この合わせ技なら高確率で因果関係を読み取れる「批判的思考」+11
クリティカルシンキングシリーズの続きです。(+1,+2,+3,+4,+5,+6,+7,+8,+9,+10)
前回は、因果関係を決定する方法の1つ、一致法を解説しました。今回は、「一致と差異の併用法」ついて解説していきます。
一致と差異の違いとは
一致法の使い方を振り返りつつ、一致と差異の違いを考えてみましょう。
一致法とは、似たような出来事Aと出来事Bが起きたときに仮説として立てられる原因が同じXだった場合、2つの出来事の原因をXだと考える手法です。(例:集団食中毒)
逆に差異法とは、原因Xが存在しているときと存在していないときで結果が違うとき、その違いの原因はXだと考える手法です。言い換えると、2つの状況の「相違点」に着目するのです。
たとえば、2人とも同じ夕食を食べていたとします。ただし片方だけ食後にアイスクリームを食べており、その片方があとで腹痛を起こしました。お腹が壊れた原因は、食べたアイスクリームだと推測できますよね。これが差異法です。
一致と差異の併用が有効な理由
夕食で1人だけデザートを食べてお腹を壊したとしても、そのデザートが原因だと厳密には断定できません。差異法は一致法とおなじく、共変関係を当てにしているのでその点は考慮しなければいけないのです。
ただしこの2つの手法を合わせて使うと強力な証拠になります。前回話した「クレヨンしんちゃん」のしんちゃんとマサオくんの風邪を引いた例で考えてみましょう。
一致法だけで考えると、風邪を引いた原因は水遊びだと導き出されます。しかし一致法だけでは見落としがあるかもしれません。ここで差異も考えてみましょう。水遊びをしていたのが2人ではなく、3人だったとします。そして3人目のカザマくんは、熱を出しませんでした。
前回はしんちゃんかマサオくんのどちからに風邪以外の症状があるかもしれない、と説明しました。しかしこの例で言えば、カザマくんは熱を出していません。つまり菌は感染していませんから、風邪以外の疑いは低くなります。
そしてこの事実を聞いた母親たちは、よりいっそう水遊びが風邪の原因と考えるでしょう。これが、一致と差異の併用です。

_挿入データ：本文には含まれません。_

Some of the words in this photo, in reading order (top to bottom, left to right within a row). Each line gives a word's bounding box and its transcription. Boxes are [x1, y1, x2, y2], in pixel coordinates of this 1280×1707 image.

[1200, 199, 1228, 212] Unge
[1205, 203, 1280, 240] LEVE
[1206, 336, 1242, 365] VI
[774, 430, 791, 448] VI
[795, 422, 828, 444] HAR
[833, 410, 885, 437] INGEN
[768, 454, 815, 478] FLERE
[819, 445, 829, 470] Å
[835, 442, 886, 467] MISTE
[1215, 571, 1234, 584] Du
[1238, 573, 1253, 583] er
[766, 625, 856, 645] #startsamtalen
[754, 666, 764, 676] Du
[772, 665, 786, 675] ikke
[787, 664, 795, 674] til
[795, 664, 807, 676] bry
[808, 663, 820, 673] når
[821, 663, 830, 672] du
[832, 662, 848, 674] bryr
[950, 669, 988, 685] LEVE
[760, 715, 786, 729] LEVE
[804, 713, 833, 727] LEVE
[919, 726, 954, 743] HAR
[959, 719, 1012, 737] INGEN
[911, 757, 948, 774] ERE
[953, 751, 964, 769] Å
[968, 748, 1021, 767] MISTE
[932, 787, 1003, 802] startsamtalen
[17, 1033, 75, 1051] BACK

要するに、原因Xが存在すると出来事AとBが起きるとして、逆に原因Xが存在しないと出来事Cが起きないことを証明すれば良いのです。これをすることで、原因Xが出来事A,Bに必要であり、十分な原因だと考えられるのです。
厳密に一致と差異を併用して原因を探るには
ただしこの一致と差異の要因は無限にあります。「これだ!」と決定づけるのがとてもむずかしいのです。もし2つの出来事が共変していても、それだけで因果関係があるとは断言できません。もしかしたら見落としている原因が、真の原因かもしれないからです。

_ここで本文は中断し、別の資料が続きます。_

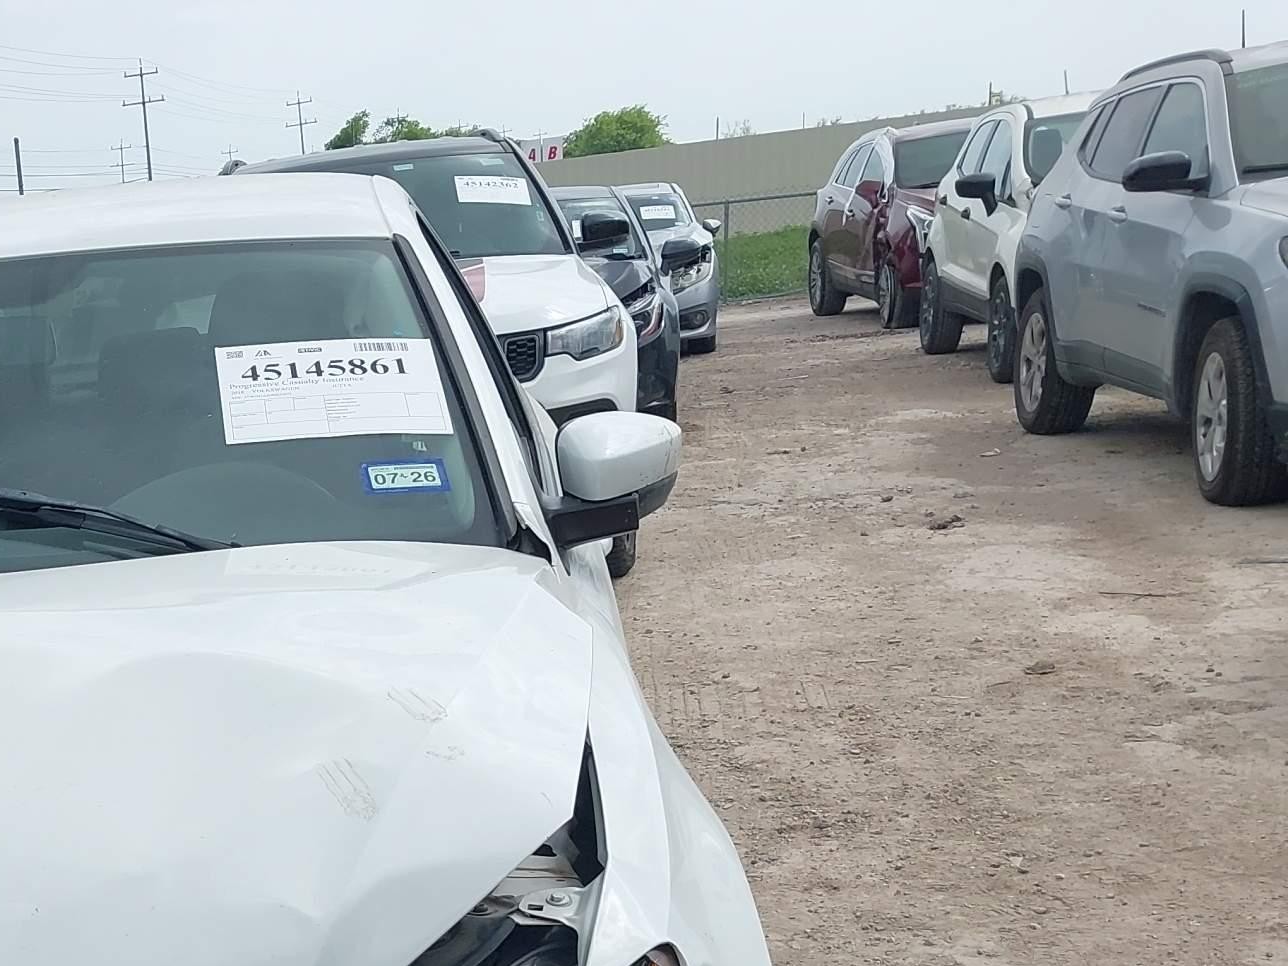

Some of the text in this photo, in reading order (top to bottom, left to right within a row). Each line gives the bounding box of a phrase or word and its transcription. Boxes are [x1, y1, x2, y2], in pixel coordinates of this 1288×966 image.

[528, 146, 558, 161] A B
[241, 358, 409, 381] 45145861
[374, 470, 436, 485] 07 26

では相関関係以上の根拠を導くにはどうすればいいのでしょうか?その方法に適している1つの方法が、比較したい要因以外を「均等」にすることです。
しんちゃんたちの例で考えると、風邪を引いてしまった厳密な原因が知りたければ、「水遊びをした」以外の要因を統一する必要があります。
性別や年齢、食べている食料や居住地、生活環境を同じにするのです。この前提のうえで、水遊びをさせて風邪を引いたかを考えれば、水遊びが風邪の原因だとわかりますよね。しかしこの方法は、現実的にむずかしいのです。
もう少し違う例で説明します。
この白い絵の具は、同じお店で買い、同じ制作方法で、使うタイミングも同じだとします。そこに黒色の絵の具を足しました。すると紫色になったのです。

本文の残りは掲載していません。